LeetCode 328. Odd Even Linked List (Medium)

题目描述：

Given a singly linked list, group all odd nodes together followed by the even nodes. Please note here we are talking about the node number and not the value in the nodes.
You should try to do it in place. The program should run in O(1) space complexity and O(nodes) time complexity.
Note:
The relative order inside both the even and odd groups should remain as it was in the input.
The first node is considered odd, the second node even and so on …

Example：

Given 1->2->3->4->5->NULL,
return 1->3->5->2->4->NULL.

题目大意：给一个单向链表，使得所有奇数号（从1开始）节点连在一起，偶数号节点连在一起（相对位置不变）。

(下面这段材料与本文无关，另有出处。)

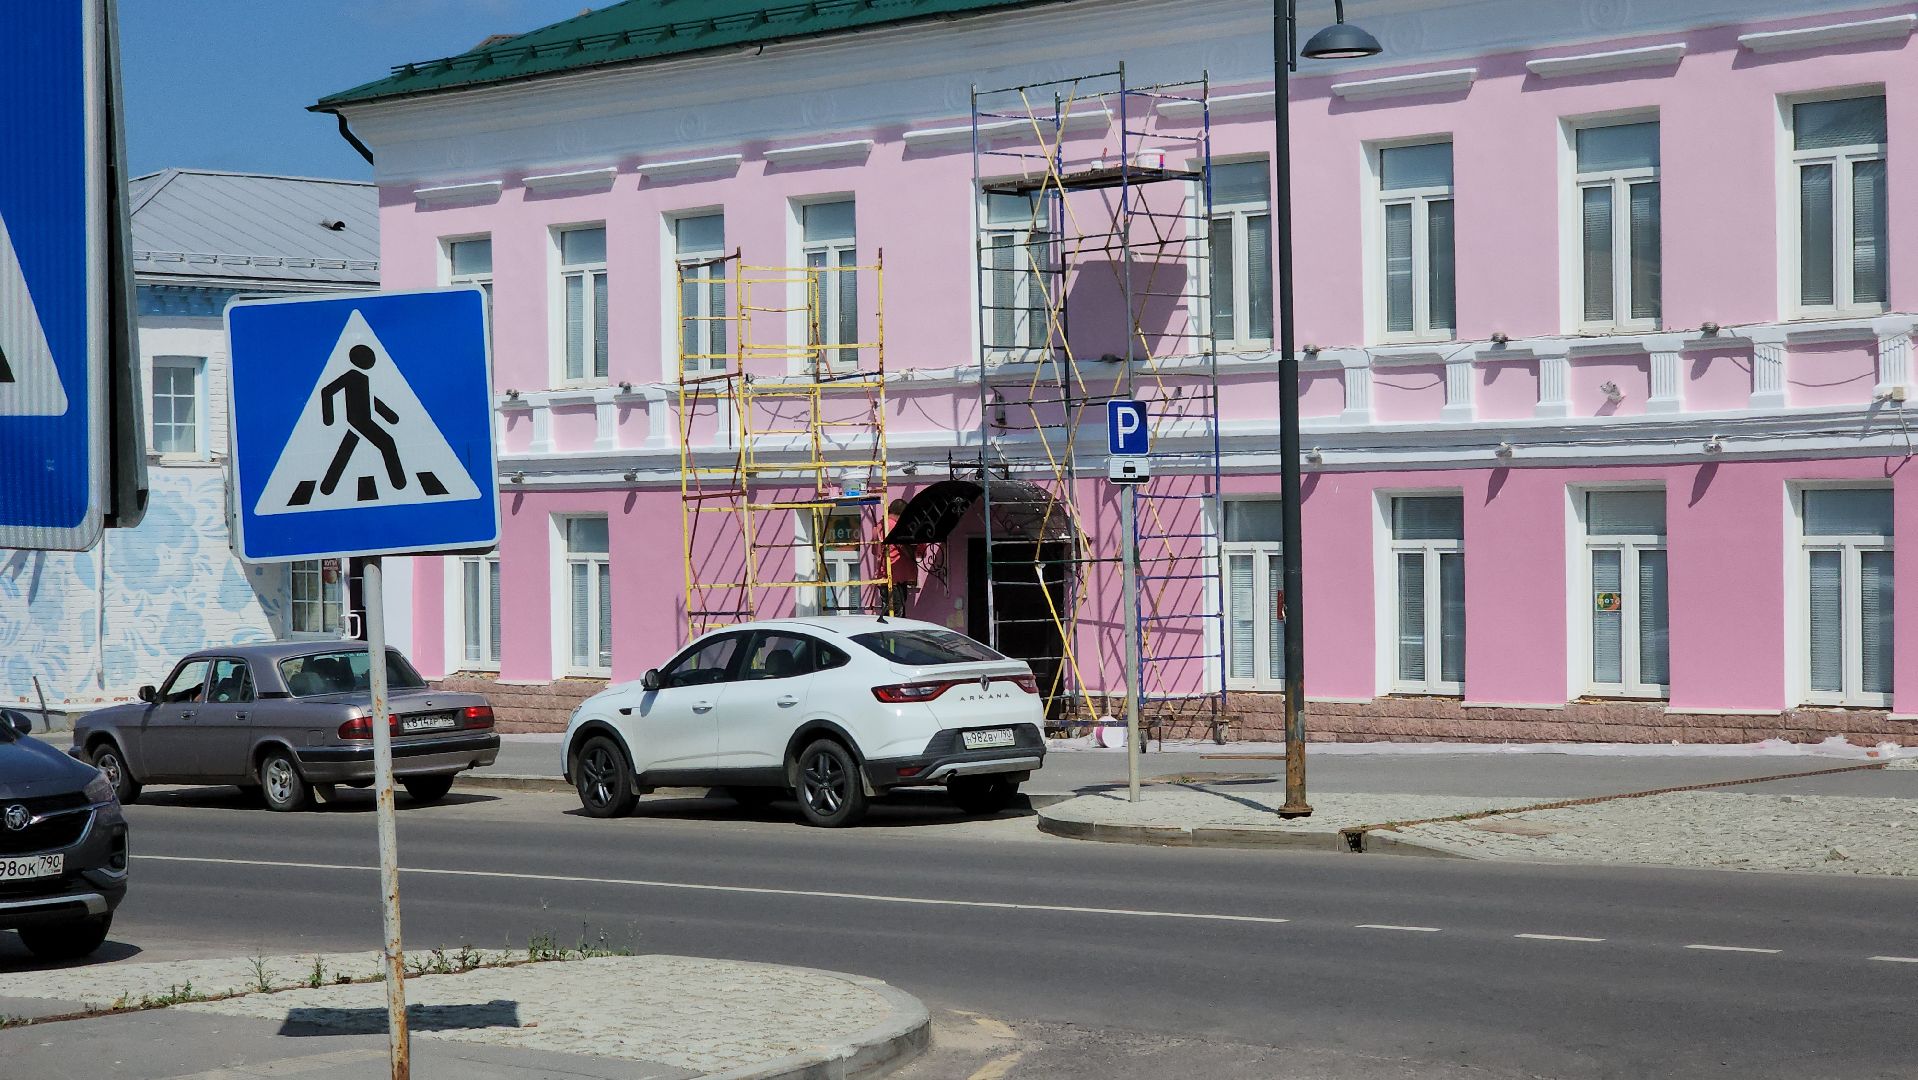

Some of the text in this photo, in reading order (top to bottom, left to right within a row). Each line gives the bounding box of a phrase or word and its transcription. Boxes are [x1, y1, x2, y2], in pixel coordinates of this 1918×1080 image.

思路：维护两个指针，一个指向当前遍历到的奇数号节点，一个指向偶数号节点，每遇到一个新的奇/偶数号节点就让当前指向的节点指向新节点，再令这个奇/偶指针指向新节点。最后合并两个链表。

c++代码：

/**
 * Definition for singly-linked list.
 * struct ListNode {
 *     int val;
 *     ListNode *next;
 *     ListNode(int x) : val(x), next(NULL) {}
 * };
 */
class Solution {
public:
    ListNode* oddEvenList(ListNode* head) {
        ListNode* tempOdd = NULL;
        ListNode* tempEven = NULL;
        ListNode* mid = NULL;
        auto cur = head;
        int flag = 1;
        while (cur)
        {
            if (flag % 2)
            {
                if (tempOdd)
                {
                    tempOdd->next = cur;
                }
                tempOdd = cur;
            }
            else
            {
                if (tempEven)
                {
                    tempEven->next = cur;
                }
                else
                {
                    mid = cur;
                }
                tempEven = cur;
            }
            cur = cur->next;
            flag = flag % 2 + 1;
        }
        if (tempOdd)
            tempOdd->next = mid;
        if (tempEven)
            tempEven->next = NULL;
        return head;
    }
};